"Despite the fact that our Founding Fathers deliberately created two branches of the legislature so that there would be debate and compromise, some Senators have expressed the view that they do not want an energy bill that comes out of conference to differ at all from the Senate-passed version," the conservative Republican Study Committee says in a letter sent late last week.
The letter signed by roughly 40 members says the Senate plan "does not go far enough to create and expand untapped domestic sources of energy." It is addressed to House Speaker Dennis Hastert (R-Ill.), Majority Leader John Boehner (R-Ohio) and Majority Whip Roy Blunt (R-Mo.)
The letter comes as House and Senate lawmakers are determining whether they can reconcile competing offshore leasing plans this year. The Senate passed legislation last month that allows industry access to an additional 8.3 million acres in the Gulf of Mexico, while the House plan provides new gulf access but also lifts offshore drilling bans that apply to other areas.

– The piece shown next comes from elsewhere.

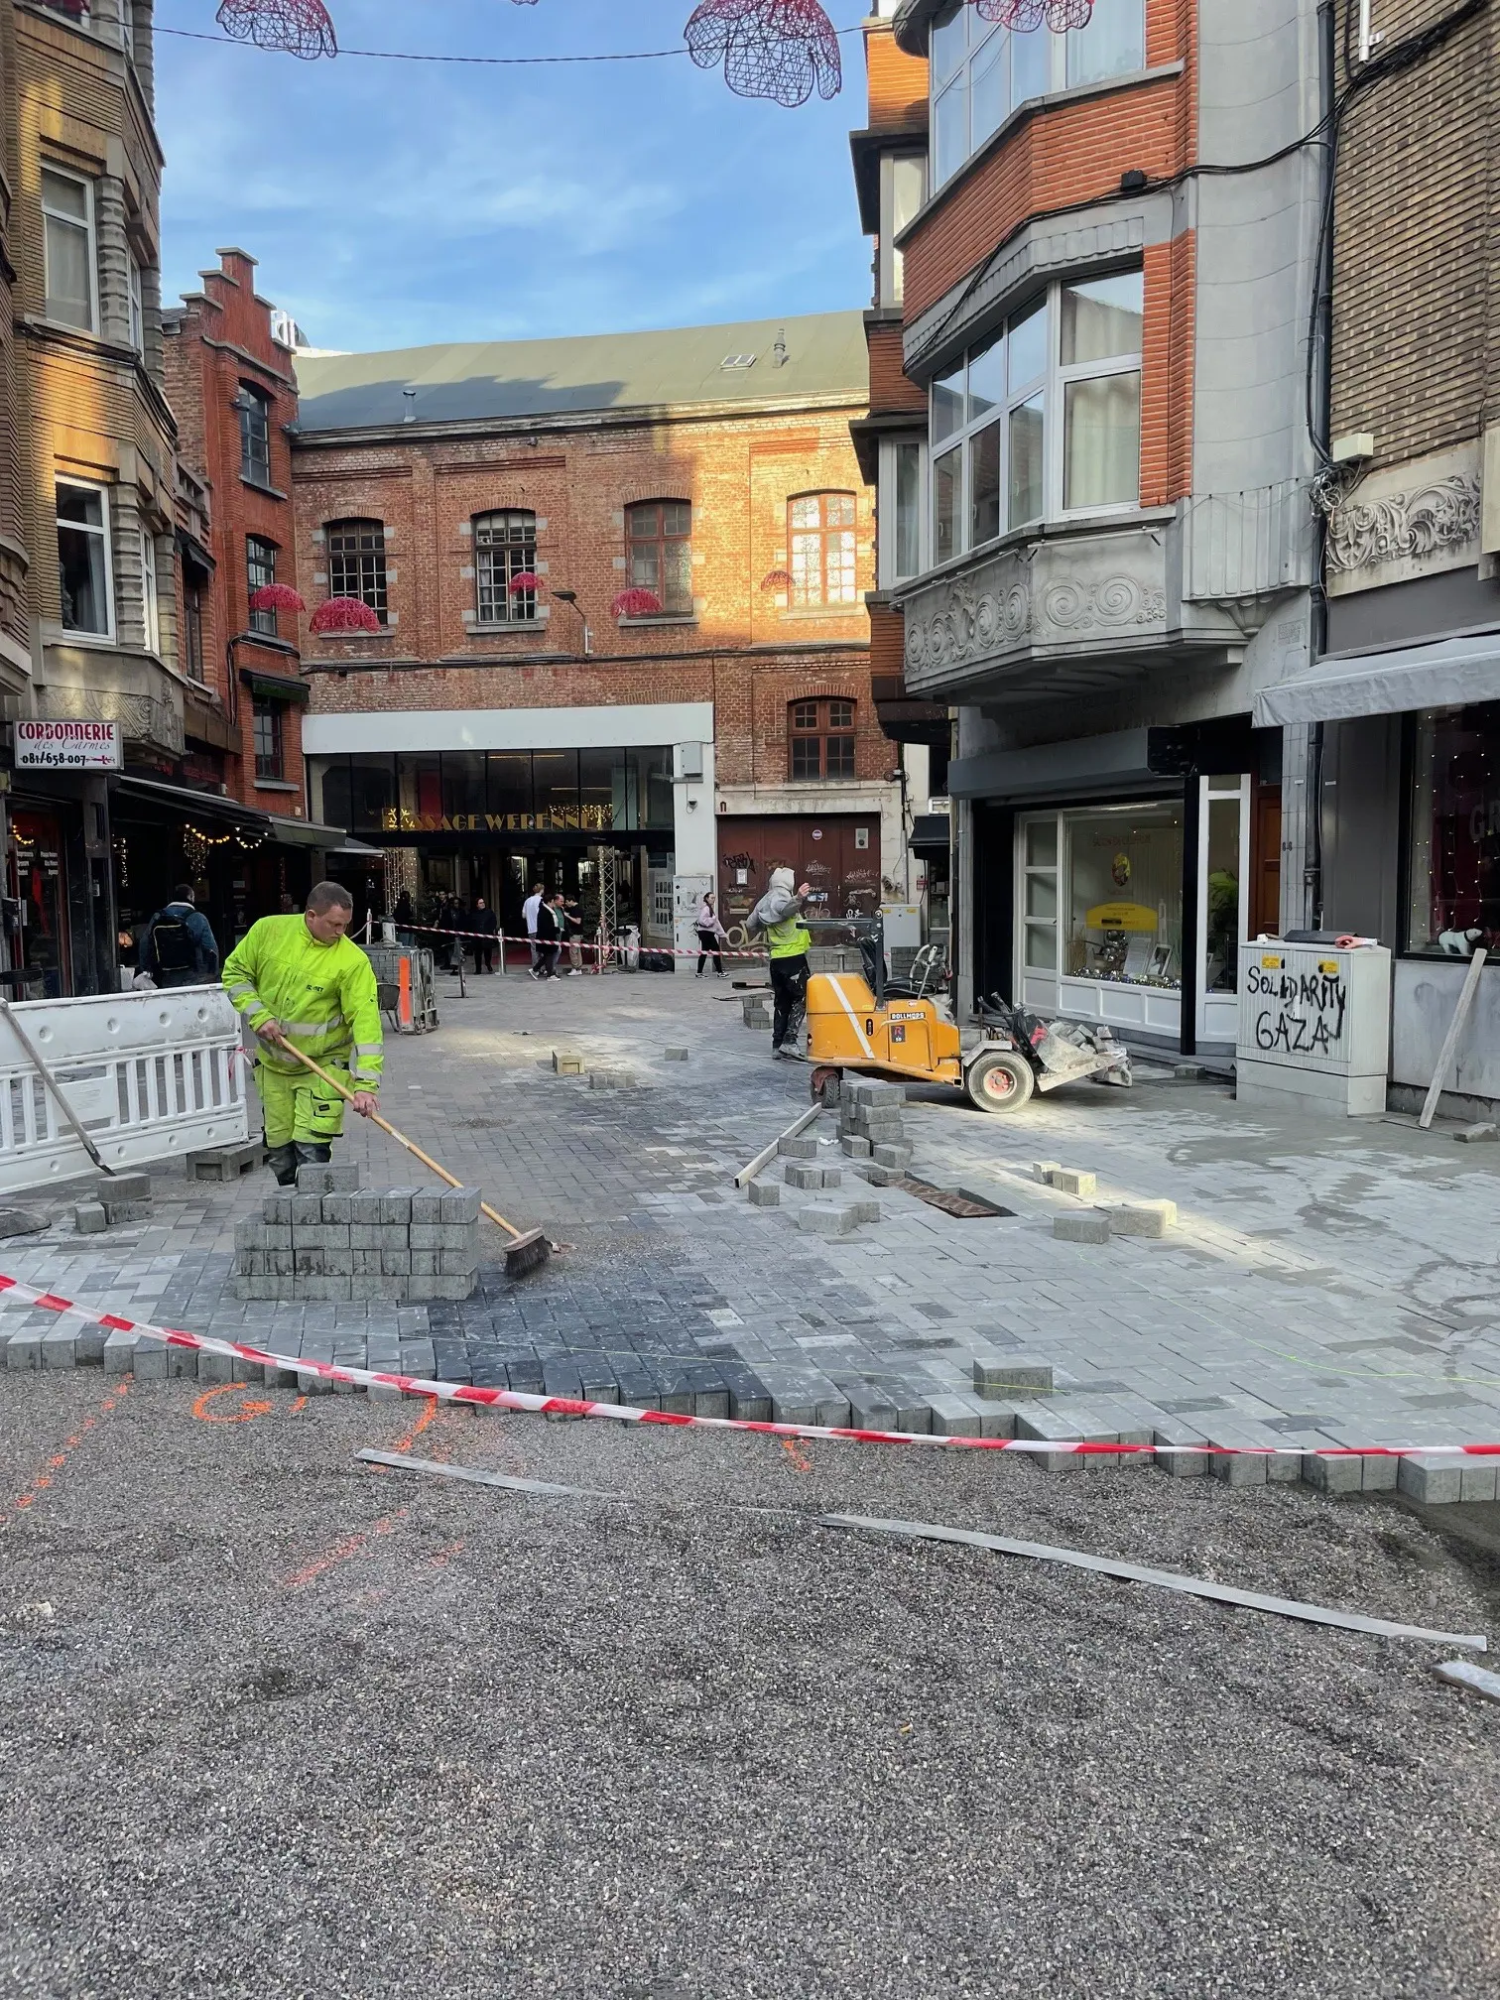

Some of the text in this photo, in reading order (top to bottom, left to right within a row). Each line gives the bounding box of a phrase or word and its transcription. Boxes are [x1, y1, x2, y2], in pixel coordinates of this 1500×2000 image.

The House bill would scrap current offshore leasing bans that cover most areas outside the western and central Gulf of Mexico. It replaces them with a system under which drilling would be allowed in all areas beyond 100 miles from state shores. Leasing would take place between 50 and 100 miles unless states block it, while leasing closer than 50 miles from shore would remain banned unless states seek it.
Both bills feature plans to share offshore production revenues with states that have oil and gas leasing off their shores. The Senate plan is less generous and is limited to the four Gulf Coast producing states -- Louisiana, Mississippi, Alabama and Texas.
"Arbitrarily centralizing energy production only in the Gulf of Mexico, as the Senate bill does, is foolhardy because it endangers the stability of our domestic oil and gas supply and increases the possibility of dramatic spikes in prices," the letter states, adding that last year's gulf hurricanes, which greatly slowed production, show the need to tap areas outside the region.
In addition, the letter cites Congressional Budget Office estimates showing that over five years, the House plan would reduce mandatory spending by $2.3 billion, while the Senate plan would reduce it by $241 million over the same time. This federal money that comes in from the House bill stems from leasing in new coastal areas as well as provisions aimed at recouping federal losses from flaws in the "royalty relief" program for deep water gulf producers.
But critics of the House bill note these savings are short-lived and say the bill contains unacceptable long-term costs once its generous revenue sharing provisions -- which cover both existing and new leases -- are fully phased in. The White House has criticized the long-term costs of the bill, citing billions of dollars in lost federal receipts over the next 60 years.